1MDB fugitive Jho Low placed in Macau as associates in spotlight
Malaysia’s anti-corruption body reveals Jho Low’s alleged whereabouts after questioning of 1MDB suspect Kee Kok Thiam.
Malaysian financier Jho Taek Low is arguably the most wanted “white-collar criminal” on earth.
Jho Low’s decadent lifestyle, famous and powerful friends, extravagant gifts, luxury real estate, superyacht and private jet made him the global face of what the United States Justice Department dubbed the biggest case of kleptocracy it had ever investigated.
But the man who allegedly masterminded the theft of more than $4.5bn from Malaysia’s sovereign wealth fund 1MDB disappeared in 2016 as authorities from Singapore to Australia and the US closed in on the massive fraud.
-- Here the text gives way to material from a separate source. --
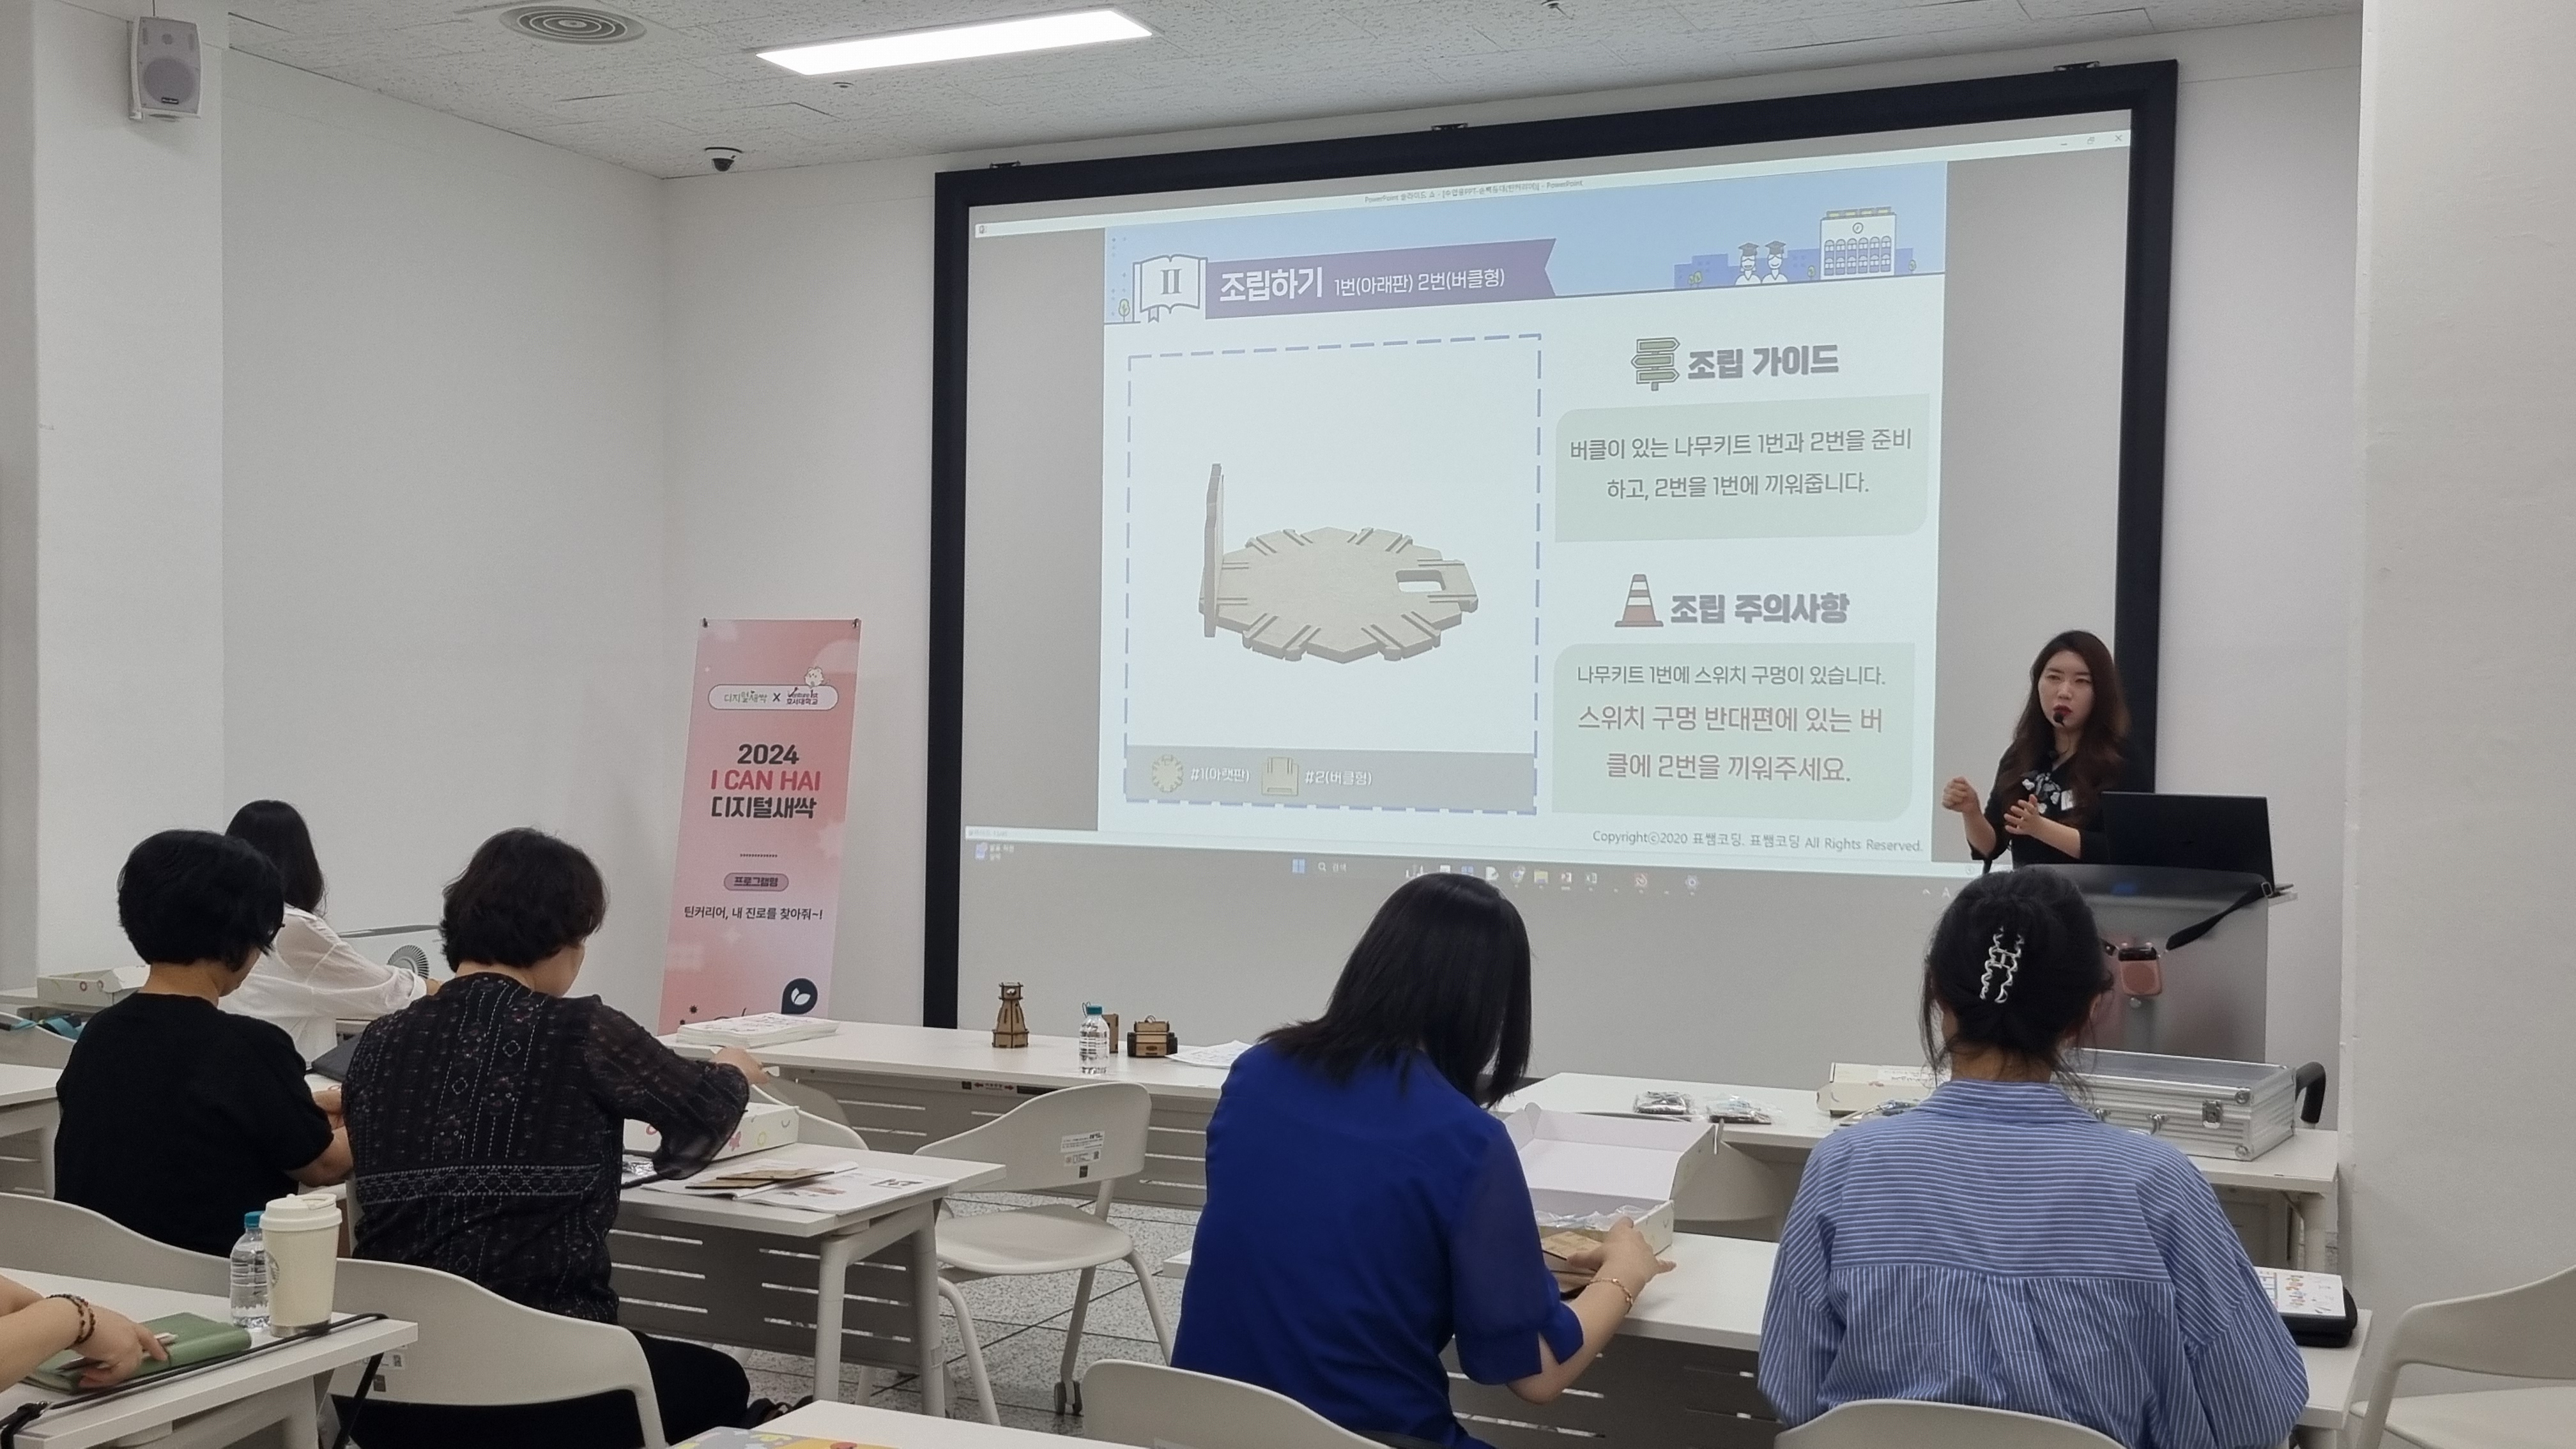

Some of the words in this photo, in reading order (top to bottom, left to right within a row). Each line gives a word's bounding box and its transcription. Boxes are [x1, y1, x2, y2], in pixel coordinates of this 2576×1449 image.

Jho Low’s whereabouts since then, a source of speculation for years, is now being publicly confirmed by Malaysia’s anti-corruption body.
The Malaysian Anti-Corruption Commission (MACC) said in a written response to questions from Al Jazeera that it “believes the individuals wanted for the 1MDB case, especially Jho Low, are hiding in Macau”.
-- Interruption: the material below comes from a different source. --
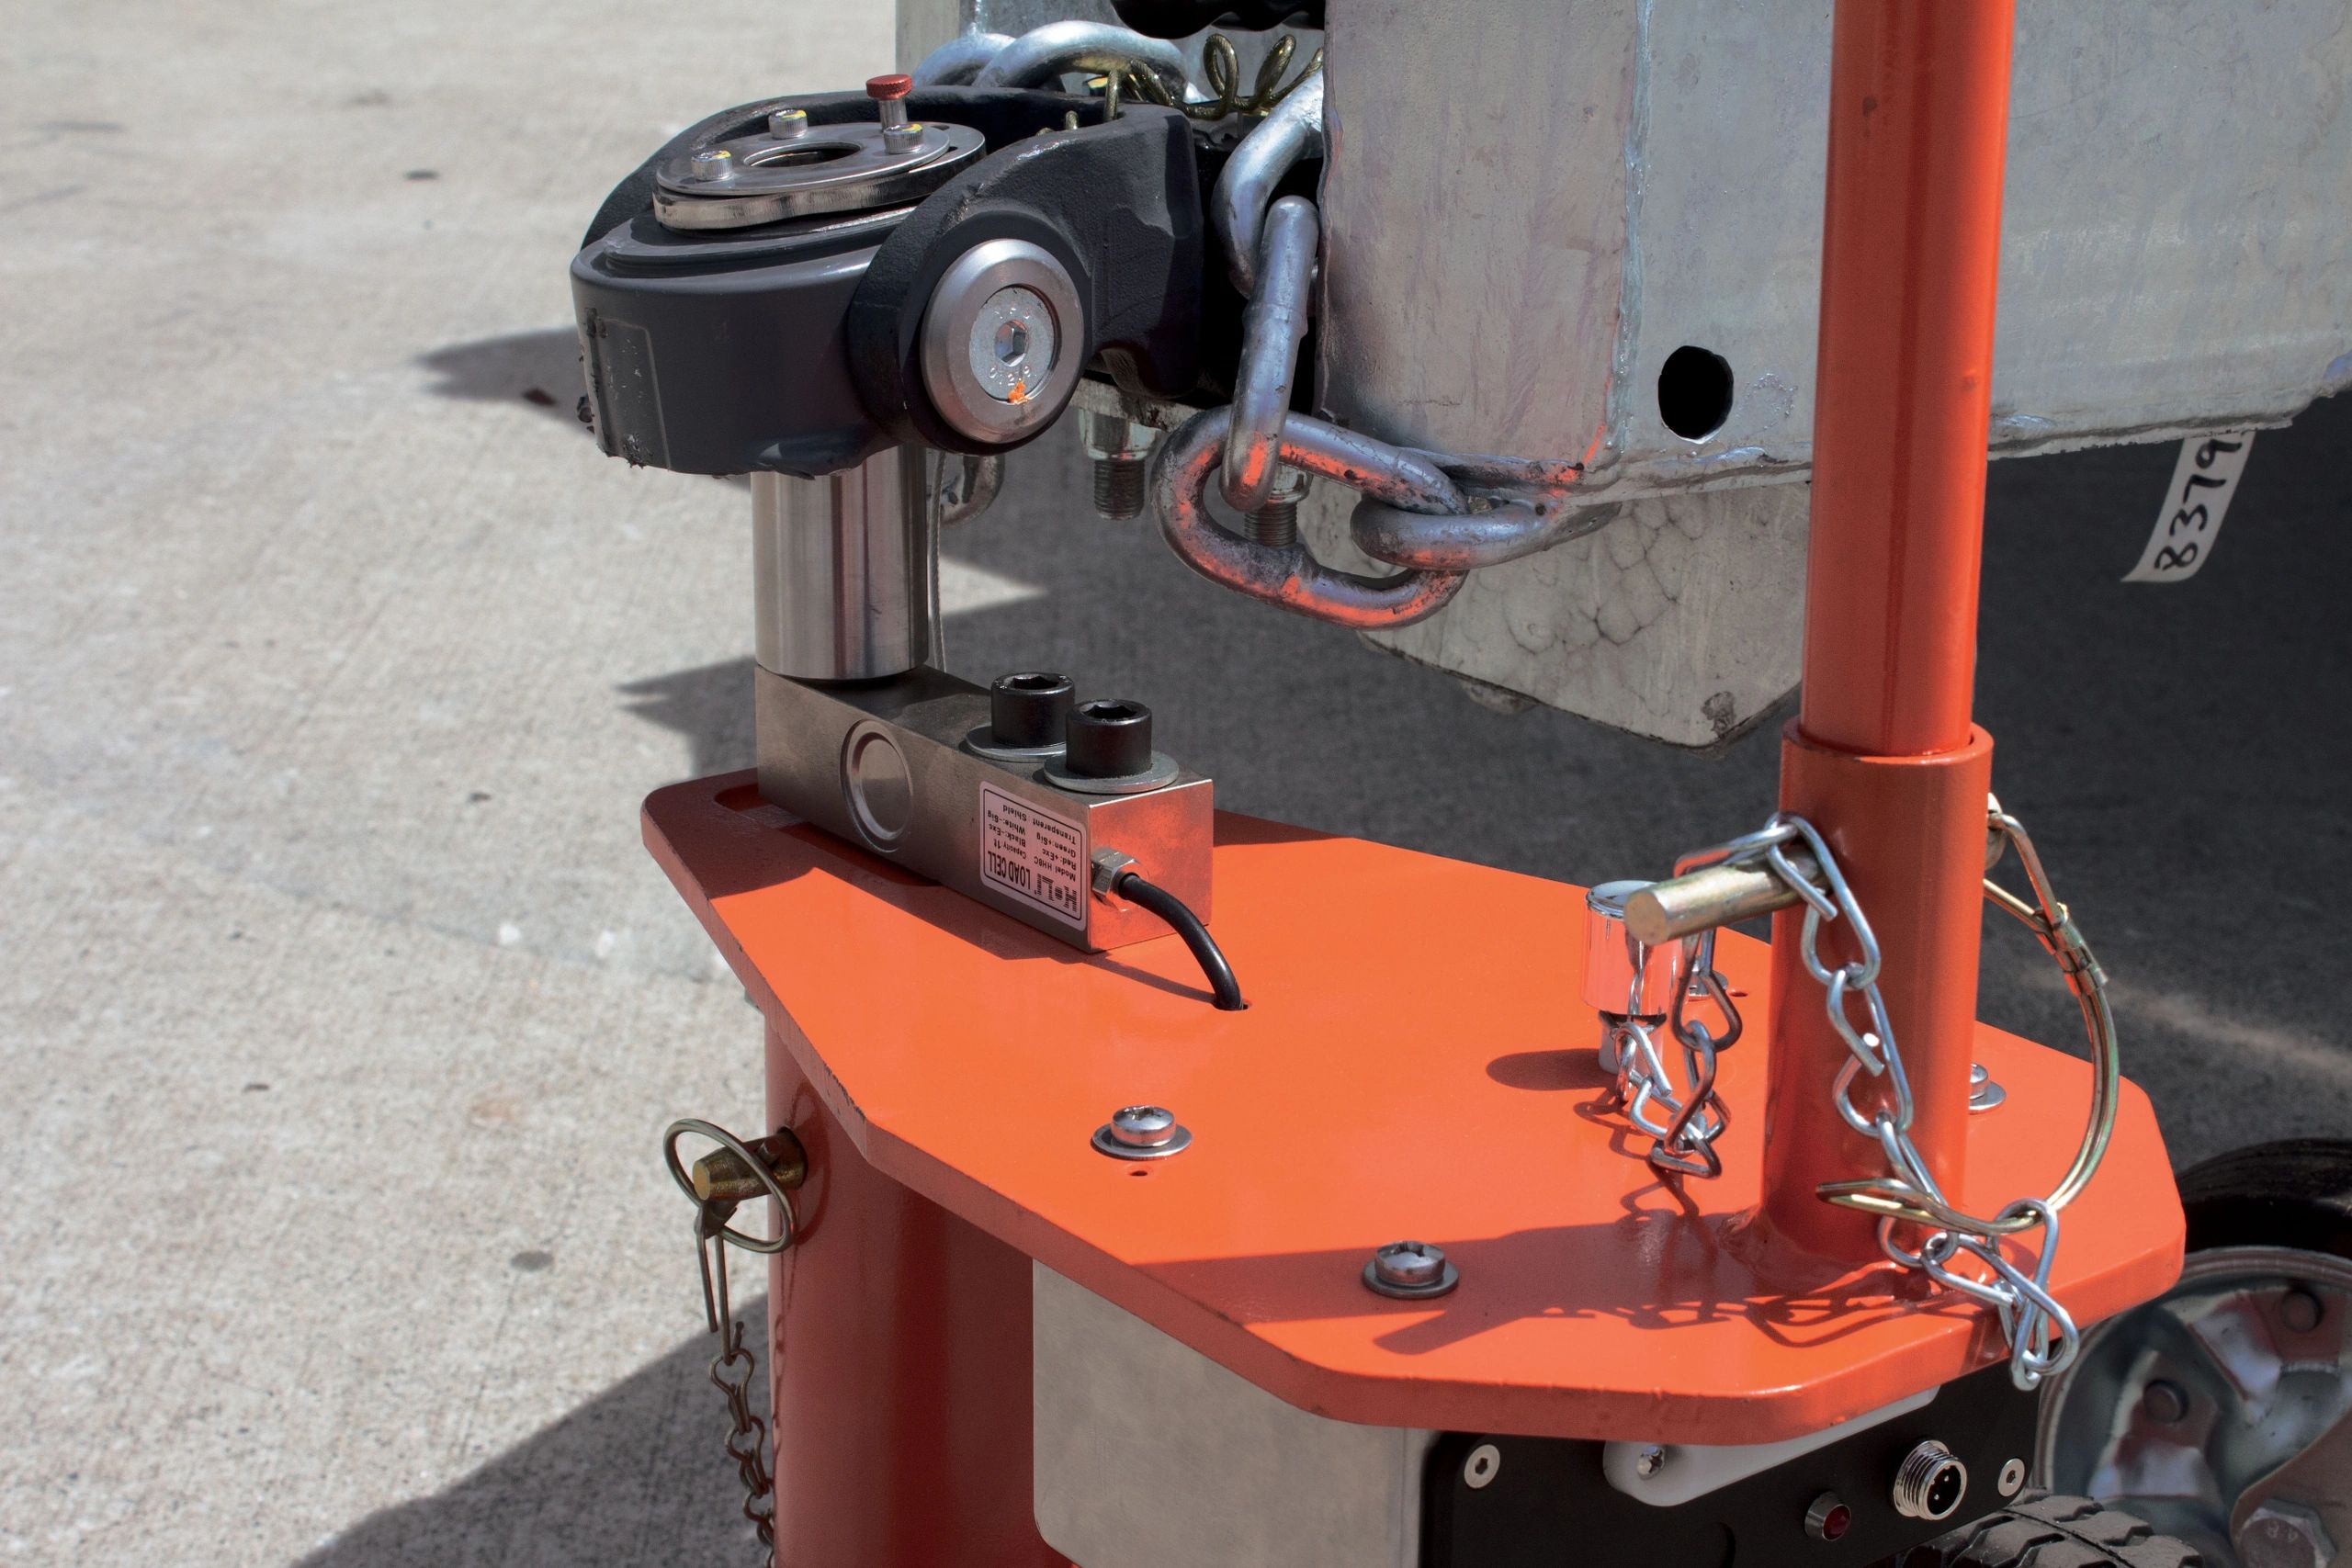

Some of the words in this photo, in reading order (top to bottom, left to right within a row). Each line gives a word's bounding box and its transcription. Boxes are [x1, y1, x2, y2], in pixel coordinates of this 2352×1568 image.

“This was also confirmed by several individuals who have seen Jho Low in Macau,” the commission said.
The revelation comes just weeks after the arrest of a relatively unknown 1MDB suspect, Kee Kok Thiam.
In the early hours of May 3, MACC officials were ready and waiting as a plane carrying 56-year-old Kee touched down at Kuala Lumpur International Airport. According to a Malaysian police source, he was deported from Macau for overstaying his visa.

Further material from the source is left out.